Tribeless youth: Where a hashtag became a young people's movement

Wanjiku Kihika

Wanjiku Kihika, 23, is the CEO of Tribeless Youth.

Photo credit: Courtesy

Wanjiku Kihika is the Executive Director of Tribeless Youth, an initiative that started off as a hashtag, which aims to instil positive identity among young people.

“For a long time, the youth have been used by politicians to spread tribal hatred, stereotypes and animosity,” comments Wanjiku, pointing out that even though since independence, Kenya’s politics has been characterised by ethnic tensions, it was not until the 2007/2008 General Election that the full extent of tribalism reared its ugly head. But even after Kenyans witnessed what tribalism was capable of, this toxic dynamic still simmers, and is largely to blame for many ills in the country such as corruption, ethnic clashes, various forms of inequality and underdevelopment.

It is against this backdrop, that Tribeless Youth sought to change the script. The initiative was founded with the goal of not only promoting peaceful coexistence among the youth of Kenya, but also to demystify the ideology of ‘my tribe, my people’ syndrome, which has been used to unfairly allocate resources, positions within government and private sector and favouritism based on one’s tribe.

“Our starting capital was human capital. We started off with no financial capital at all, other than the social capital we had built online. From a hashtag, we were able to attract an initial funding of Sh2.5 million from Hivos’ Resource for Open Minds. Eventually, we have been able to work with Ford Foundation, National Endowment for Democracy, ForumCIV, Voice Global, Article 19, Konrad Adenauer and Amnesty Kenya,” she says, adding that they are on a mission to augment the innovation and power of the youth to creatively educate and inspire a socio-political conscious generation of change-makers, while encouraging young people to view their identity and heritage positively without the negative tribal connotations.

Tribeless Youth is now registered as a Community Based Oorganisation in Nakuru County and is anchored by Article 10 and Chapter 55 of the constitution of Kenya 2010.

“We work towards the fulfilment of democracy and good governance, invest in the storytelling ability that most Africans possess and work with people who have lived experiences through the agony of past repression to tell stories of their struggle, we then have young people attend these sessions to learn and to create an inter-generational connection of struggles.”

The CBO also trains young people on how to claim political spaces by participating in development of their communities by being actively present during the County Integrated Development Plan and budget-making processes.

“Through partnership and teamwork, young people can lend their voice in such crucial matters and enhance transparency and accountability in the long run.”

She adds,

“We are enhancing the different abilities of young women in leadership and mentorship of young people active in politics by helping them analyse the context in which they work towards their inclusion. We also use artivism to create awareness by incubating artists who have an interest in using their work to advance social issues through the Usanii Ni Sauti project.”
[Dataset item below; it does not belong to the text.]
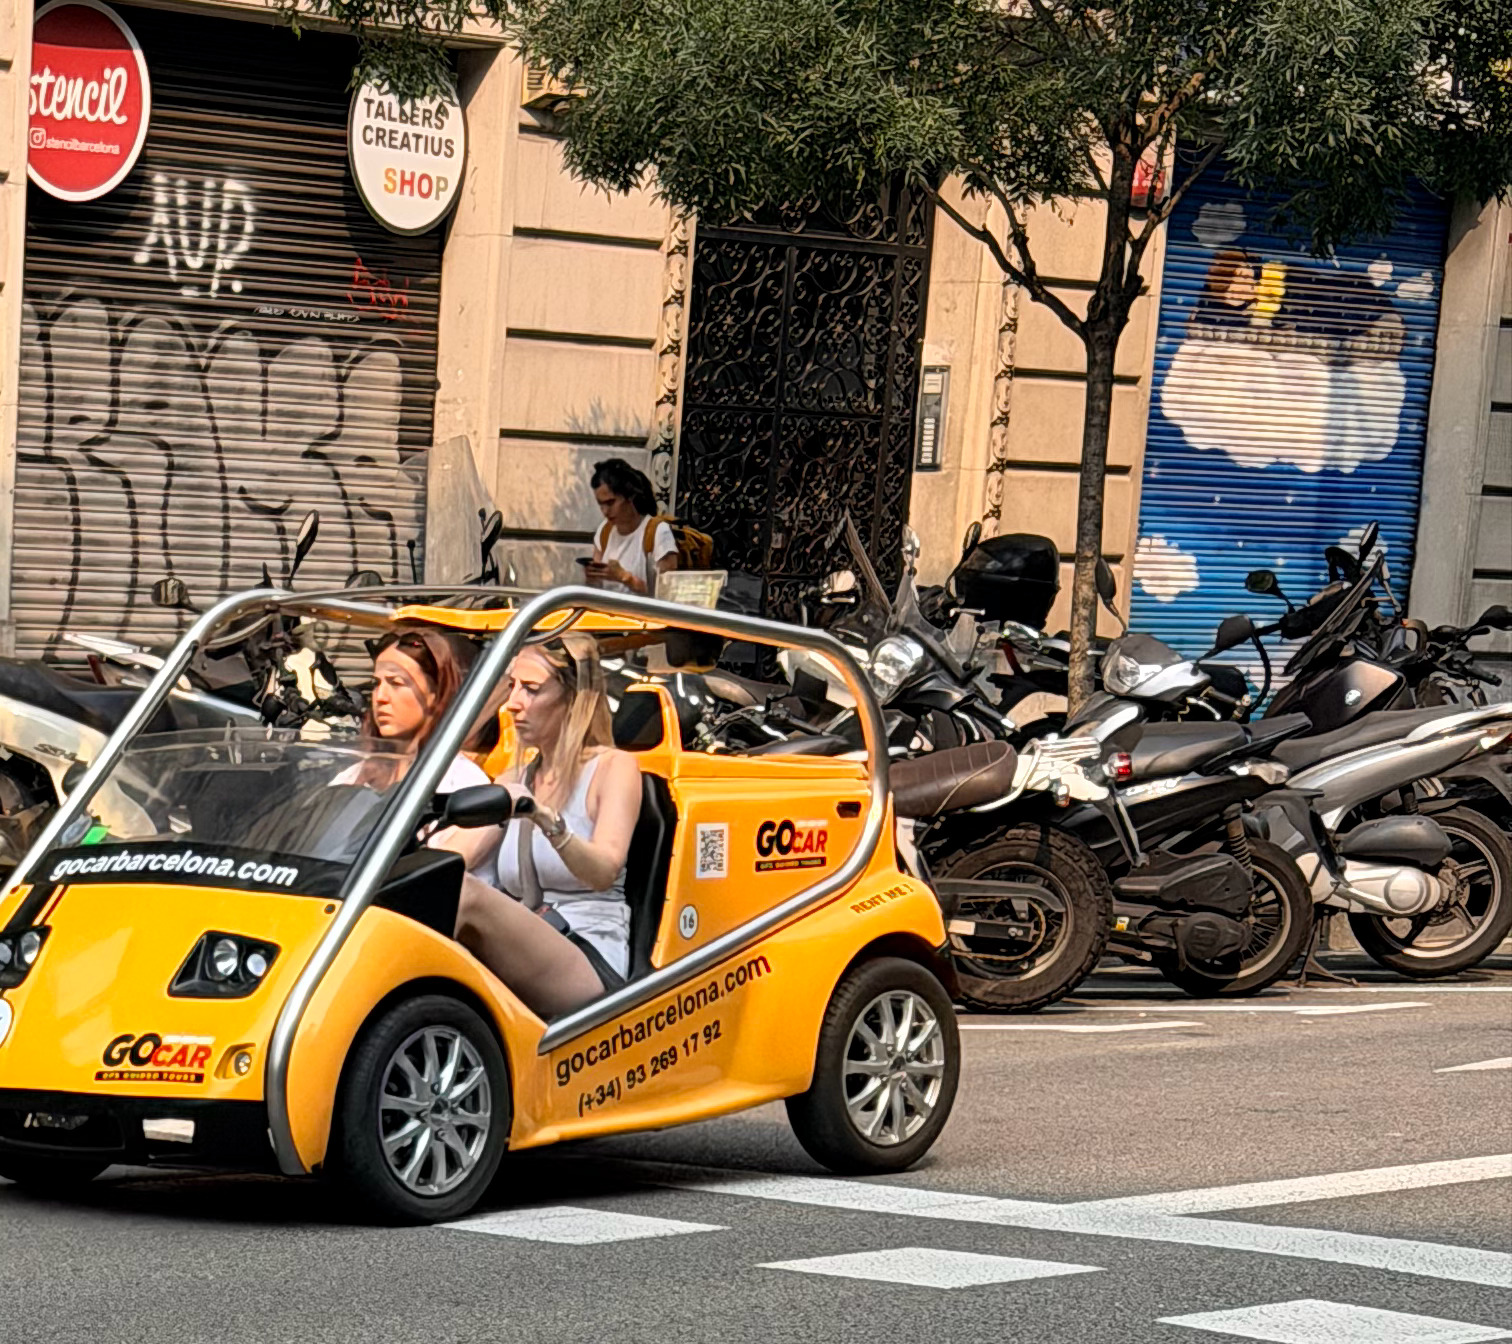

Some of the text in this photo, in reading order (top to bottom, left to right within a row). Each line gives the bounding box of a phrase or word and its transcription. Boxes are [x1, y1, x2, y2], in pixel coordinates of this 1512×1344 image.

The project is intended to impart artivists with knowledge on social, economic and political issues to help them develop their works to capture the audience on social, political and economic justice issues.

Tribeless Youth believes that young people are at the centre of the great digital advancements happening today owing to their close proximity to future digital innovations and transformation.

“They are major stakeholders in advancing digital rights and utilisation of digital media for social good. On this, we offer various training on digital security, rights and responsibilities and common utilisation. We also train on tools for digital advocacy and how to run impact campaigns.”

Their main challenge has been getting the funds to fulfil their mandate as they operate in a constrained funding environment being a CBO.

“Luckily, many donors and well-wishers are now warming up to the work that CBOs are doing,” she says.

Having to mobilise and work together with various government agencies such as security sectors and county governments, civil society organisations, private sector and institutions of higher learning to address problems that bedevil the country such as corruption and extrajudicial killings has been their highlight.

“Forging these partnerships has enabled us to work freely and express ourselves in ways that the society absorbs our message. Using a variety of art forms such as spoken word, poetry, illustrations, puppetry and music as forms of education, information and communication has also seen our work get appreciated and reach wider audiences.”

Their work has not gone unnoticed. In 2019, Wanjiku was the first runner-up in the Diversity and Inclusion Awards (DIAR) organised by the Daima Trust in partnership with National Cohesion and Integration Commission. The same year she was a TedX Speaker and recently received an honorary award by Great Rift Gospel Award for community service.